Versão 2010 do modelo canadense com motor V8 6.2 de 432 cv é digna reedição do
Chevrolet de 1967

Acelerar o Camaro atual é como fazer uma viagem aos Estados Unidos dos anos 60,
quando os poderosos muscle cars viviam seu auge e bebiam muitos e muitos litros da
então barata gasolina. A quinta geração do cupê da Chevrolet é uma bela releitura da
primeira, de 1967. Trazido por importação independente, o Camaro avaliado por Autos
é o SS, que tem preço a partir de R$ 290 mil. Mas as configurações com motor V6 (de
308 cv) podem sair a partir de R$ 219mil.

O modelo mais caro é equipado com a alma dos esportivos americanos. Estamos
falando de um poderoso V8 de alta cilindrada (6,2 litros). E sem grandes recursos
tecnológicos, diferentemente da maioria dos motores modernos.
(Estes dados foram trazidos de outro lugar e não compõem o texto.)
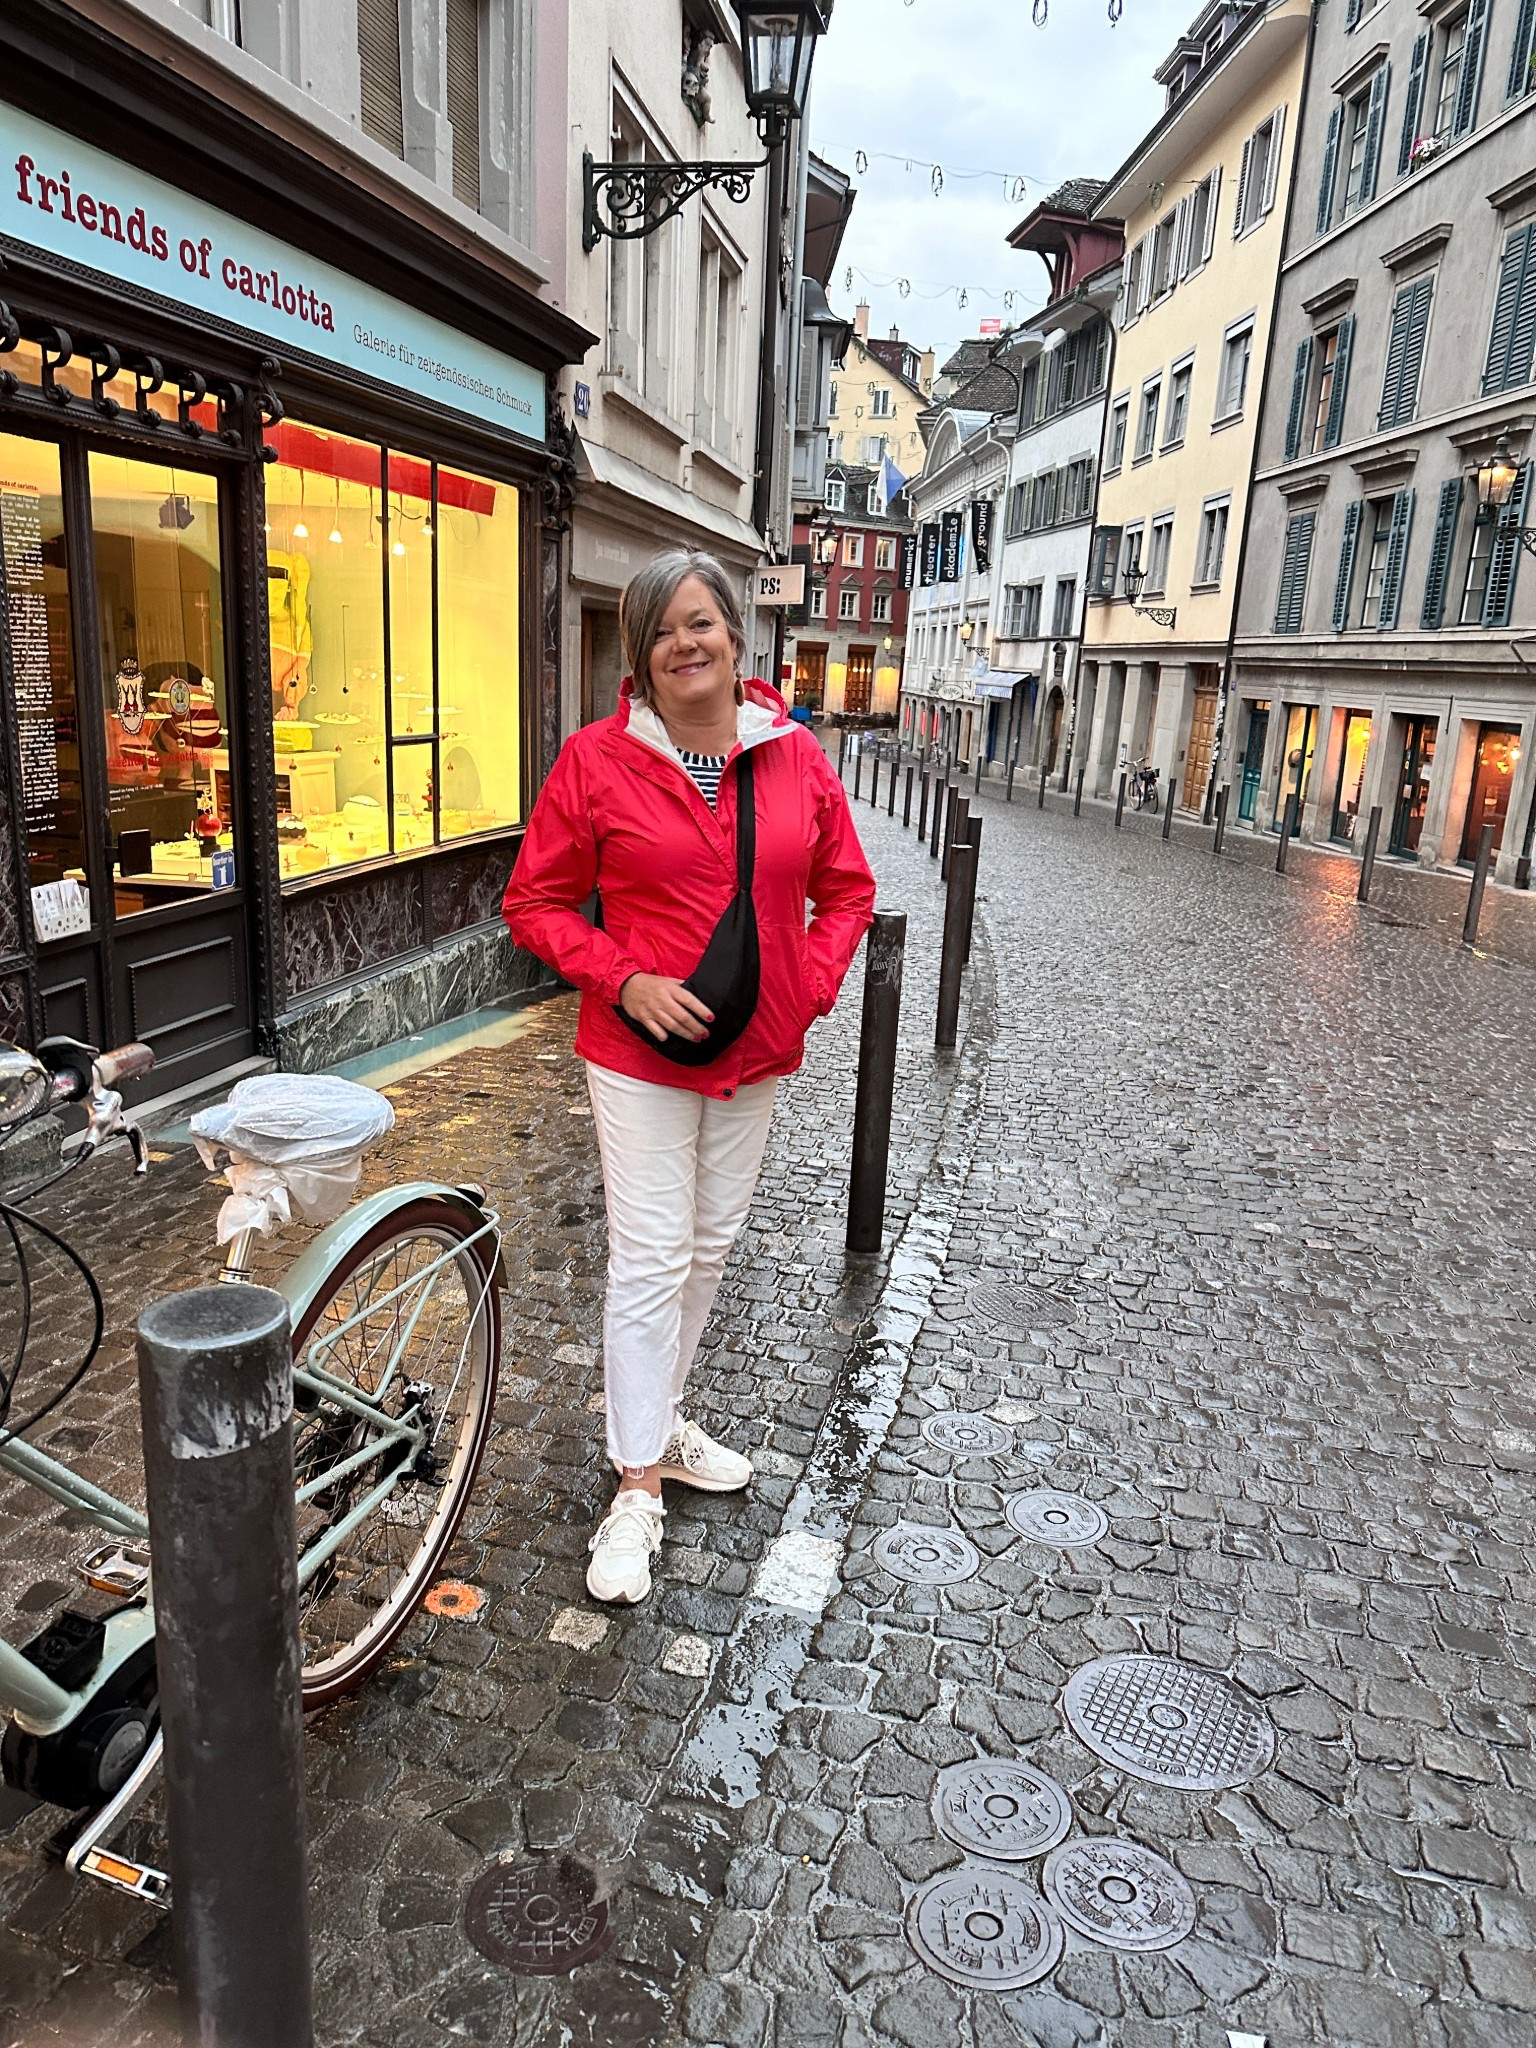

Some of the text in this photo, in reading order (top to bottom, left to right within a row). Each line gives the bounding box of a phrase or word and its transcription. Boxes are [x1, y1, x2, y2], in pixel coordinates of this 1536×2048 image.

Ele tem só duas válvulas por cilindro, mas desenvolve 432 cv de potência e bons 58
mkgf de torque. O câmbio, é automático de seis marchas, com aletas atrás do v.
Também inspirado no carro de 42 anos atrás é o desenho desse Camaro. Não só por
fora. Quando se entra nele, o formato plano do painel e as molduras saltadas do
velocímetro remetem imediatamente àqueles bons e velhos tempos. Outro toque de
antigamente são os quatro charmosos instrumentos extras no console central. Estão lá
manômetro de óleo, voltímetro e indicadores das temperaturas do óleo do motor e do
câmbio. São de difícil leitura, mas isso não chega a ser um problema. Atualmente isso já
não é tão necessário como na década de 60.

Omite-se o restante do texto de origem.